AGNC's worst-case scenario: Quarterly dividend of $0.55 per share (10% probability).

AGNC's “middle-of-the-road” scenario: Quarterly dividend of $0.60-$0.70 per share (70% probability).

MTGE's exact dividend projection for the first quarter of 2014: $0.65 per share.

NLY's exact dividend projection for the first quarter of 2014: $0.30 per share.

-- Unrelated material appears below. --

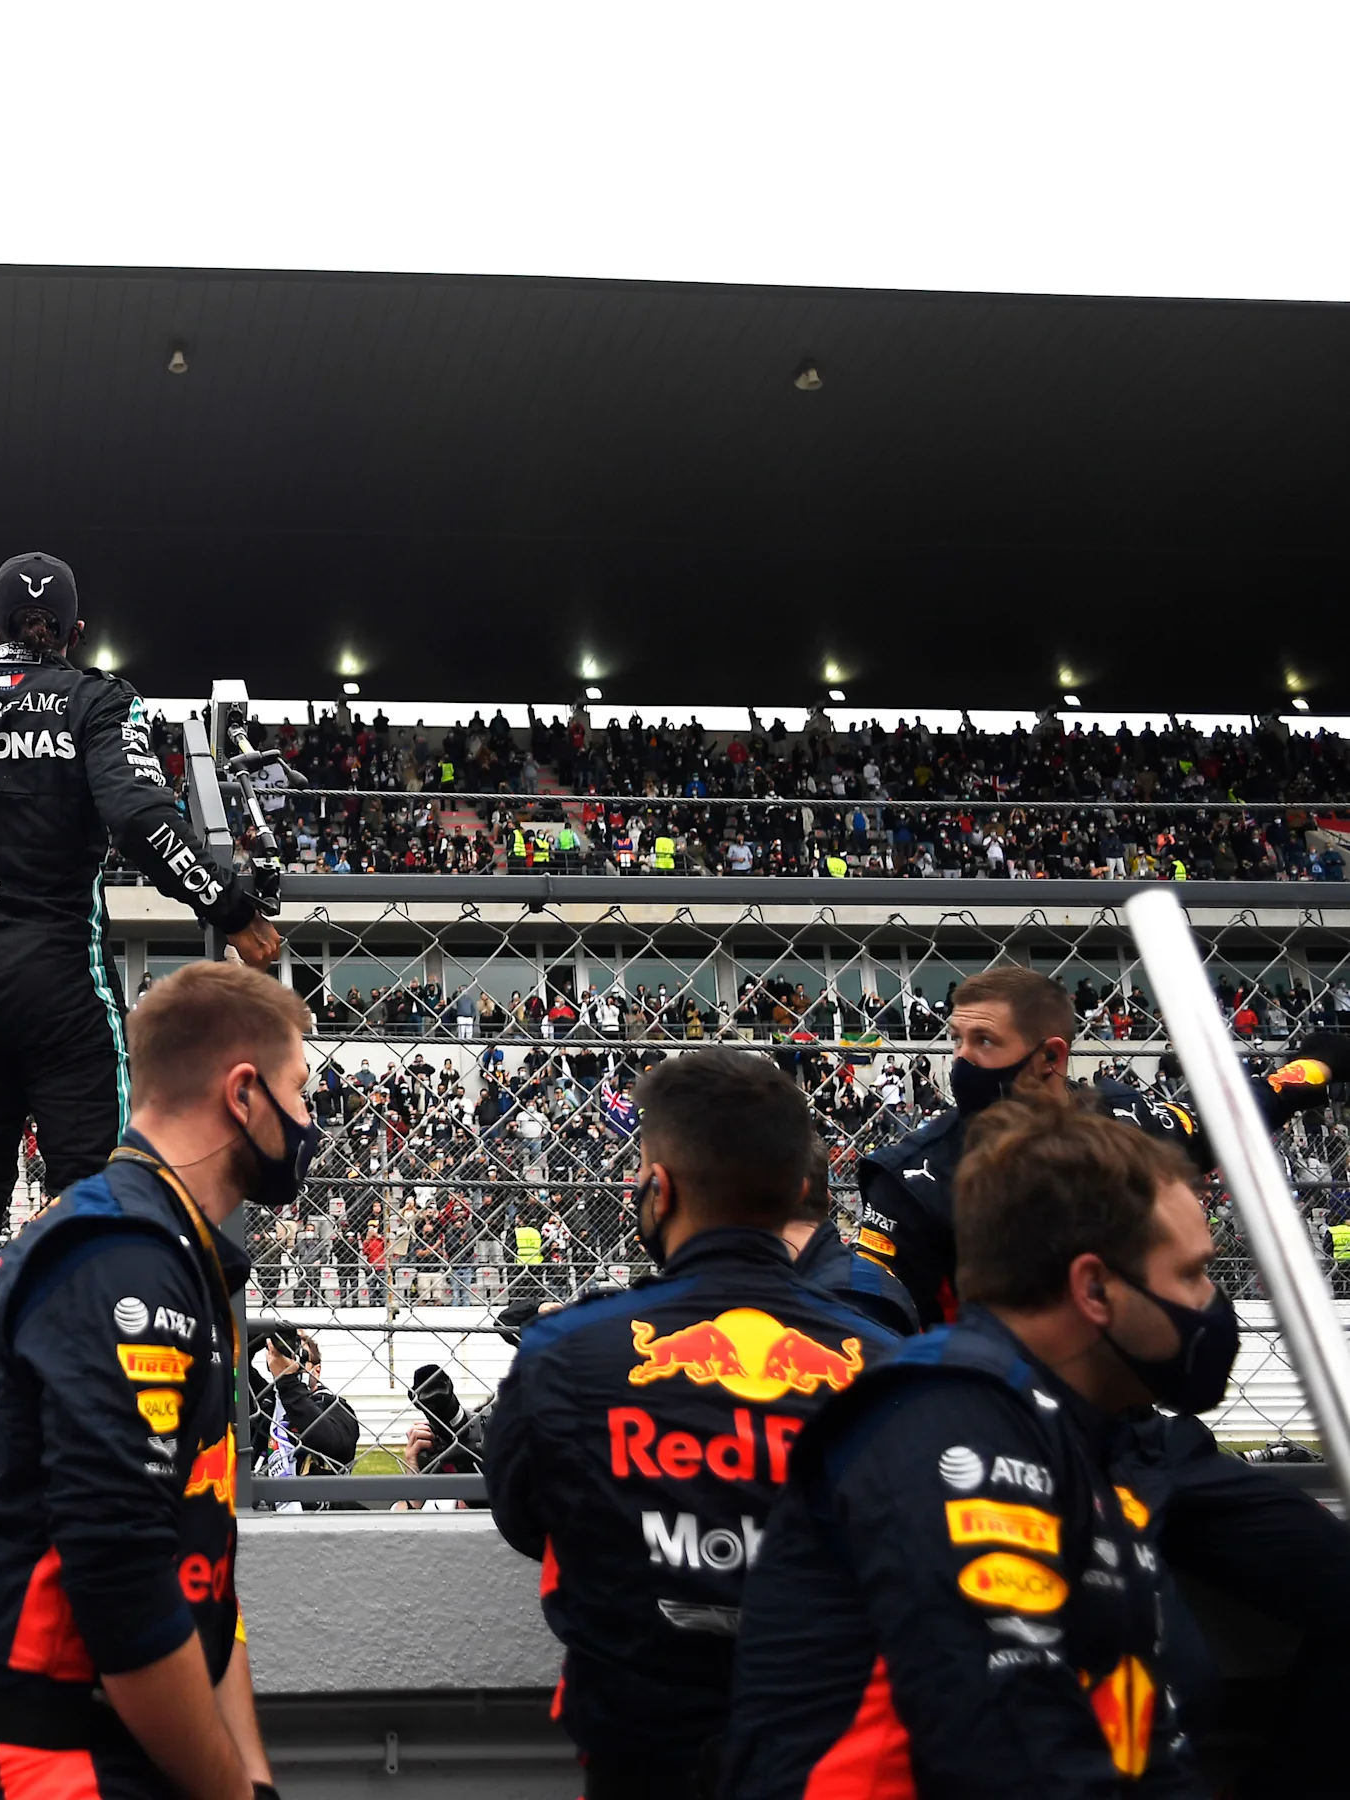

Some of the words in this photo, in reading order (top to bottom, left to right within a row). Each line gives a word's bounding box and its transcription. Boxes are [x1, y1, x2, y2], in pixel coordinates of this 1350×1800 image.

[146, 821, 224, 905] INEOS
[869, 1210, 898, 1232] AT&T
[607, 1406, 753, 1480] Red

Author's Note: This article provides a detailed analysis with supporting documentation on the "probable" dividend per share rate American Capital Agency Corp (NASDAQ:AGNC) will declare for the first quarter of 2014. I perform this detailed analysis for readers who anticipate/want such an analysis performed each quarter. For readers who just want the summarized conclusions/results, I would suggest to scroll down to the "Conclusions Drawn" section at the bottom of the article.

Focus of Article:

The focus of this article is to provide a detailed analysis of AGNC's dividend range scenarios for the first quarter of 2014. I am writing this particular article due to the continued high demand that such an analysis be performed. Understanding the dividend payout characteristics of AGNC will provide investors with an overall better understanding of the mortgage real estate investment trust (mREIT) sector as a whole. Within this article, three dividend range scenarios will be analyzed and discussed.

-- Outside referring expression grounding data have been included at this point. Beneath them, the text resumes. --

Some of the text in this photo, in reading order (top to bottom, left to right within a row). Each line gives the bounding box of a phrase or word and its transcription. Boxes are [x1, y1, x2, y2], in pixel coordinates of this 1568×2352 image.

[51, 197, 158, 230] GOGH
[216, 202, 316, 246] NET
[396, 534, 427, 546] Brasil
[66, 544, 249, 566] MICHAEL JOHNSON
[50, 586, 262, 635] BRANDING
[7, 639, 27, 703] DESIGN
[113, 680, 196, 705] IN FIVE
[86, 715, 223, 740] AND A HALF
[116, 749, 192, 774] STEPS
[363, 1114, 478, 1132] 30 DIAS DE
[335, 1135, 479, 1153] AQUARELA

This analysis should prove beneficial to readers due the recent volatile nature of AGNC's dividend per share declarations. During the second quarter of 2013, AGNC cut the company's quarterly dividend rate from $1.25 per share to $1.05 per share. This dividend cut was the first quarterly dividend reduction since the first quarter of 2012. During the third quarter of 2013, AGNC continued to cut the company's quarterly dividend rate from $1.05 per share to $0.80 per share. This trend continued into the fourth quarter of 2013, when AGNC cut the company's quarterly dividend rate from $0.80 per share to $0.65 per share. Due to the rapidly declining dividend per share rate, I feel this specific analysis has heightened importance.

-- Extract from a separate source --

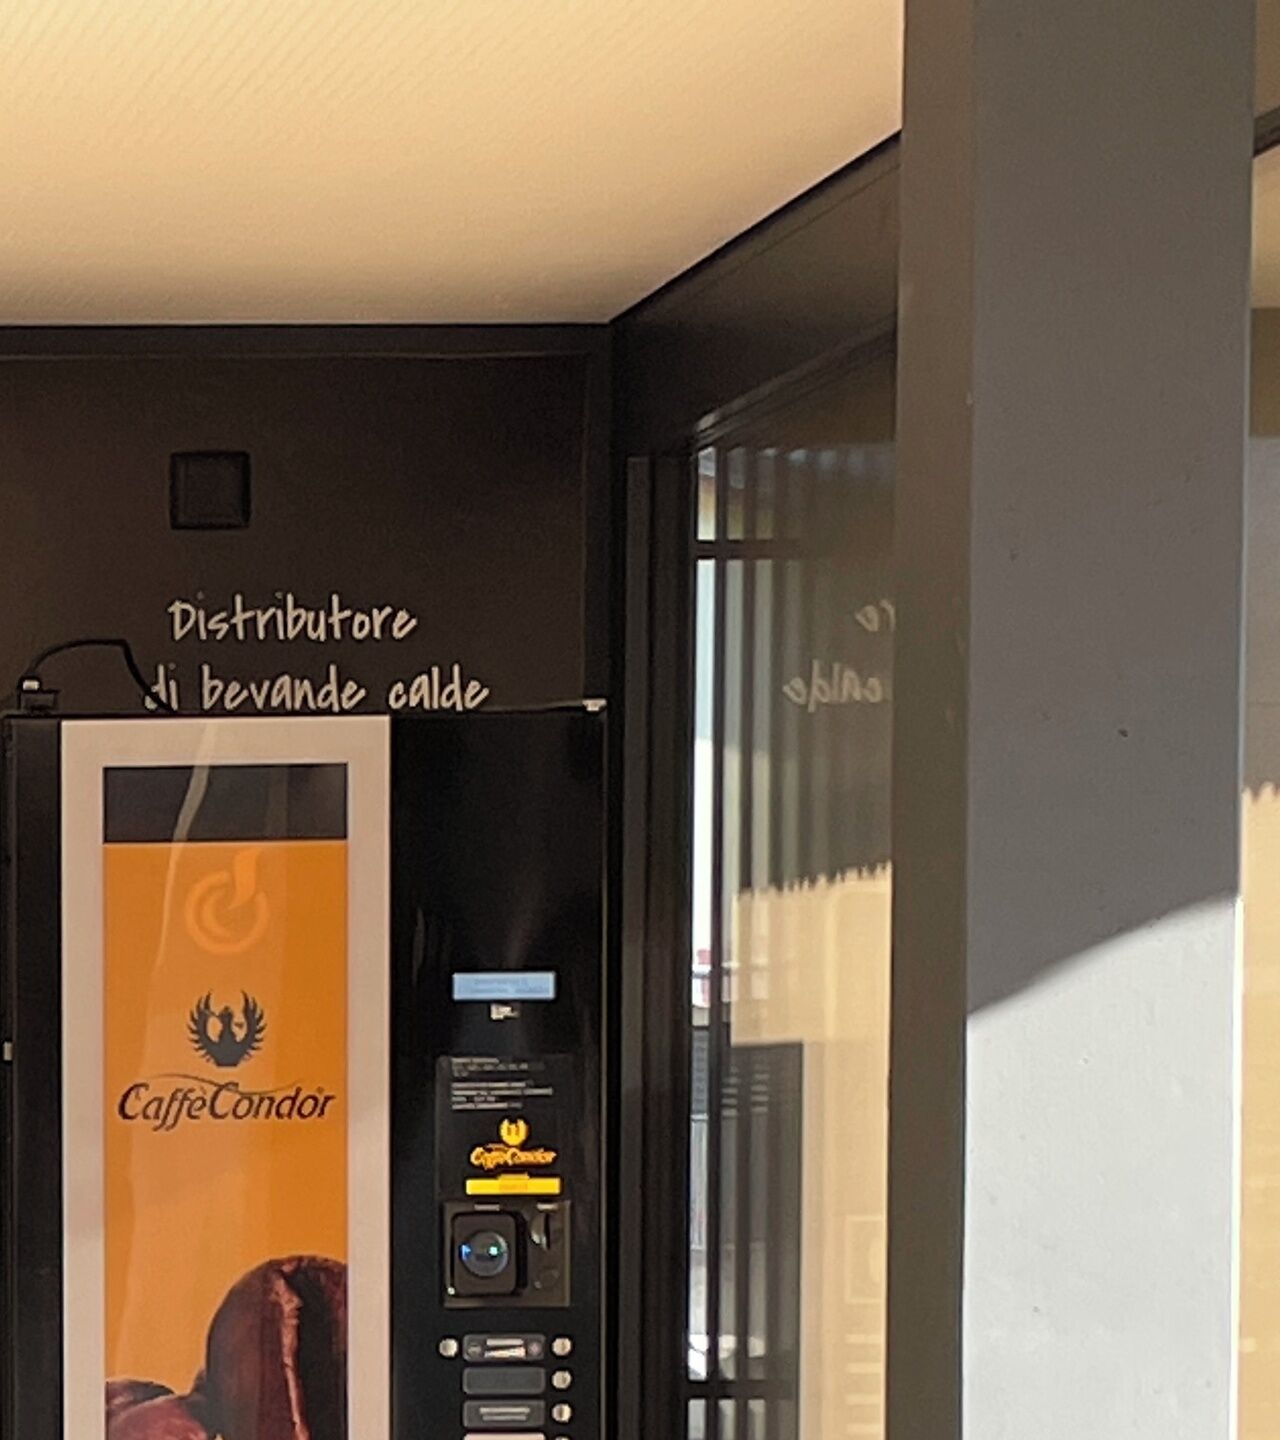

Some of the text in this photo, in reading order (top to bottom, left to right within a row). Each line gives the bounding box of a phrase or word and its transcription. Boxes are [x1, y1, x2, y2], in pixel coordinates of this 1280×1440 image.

A previous article I wrote laid the groundwork for this dividend range scenarios analysis. Within that article, I analyzed AGNC's general dividend sustainability after the company reported results for the fourth quarter of 2013. This article takes the prior analysis a step further by comparing several possible dividend per share rates for the first quarter of 2014. I would suggest readers to refer back to this prior article to better understand the analysis that will be performed in this dividend range scenarios article.

The link to the prior article's analysis is provided below:

American Capital Agency's Dividend Sustainability Analysis (Post Q4 2013 Earnings) - Part 1

American Capital Agency's Dividend Sustainability Analysis (Post Q4 2013 Earnings) - Part 2

Prior to this article's conclusion, a brief dividend range analysis for AGNC's sister company, American Capital Mortgage Investment Corp. (NASDAQ:MTGE) and the company's closest sector peer, Annaly Capital Management, Inc. (NYSE:NLY) will also be performed for the first quarter of 2014. At the end of this article, there will be a conclusion regarding the probabilities of the three dividend range scenarios portrayed in this analysis. This will be followed by my personal projection of what I feel AGNC's dividend per share rate will be for the first quarter of 2014.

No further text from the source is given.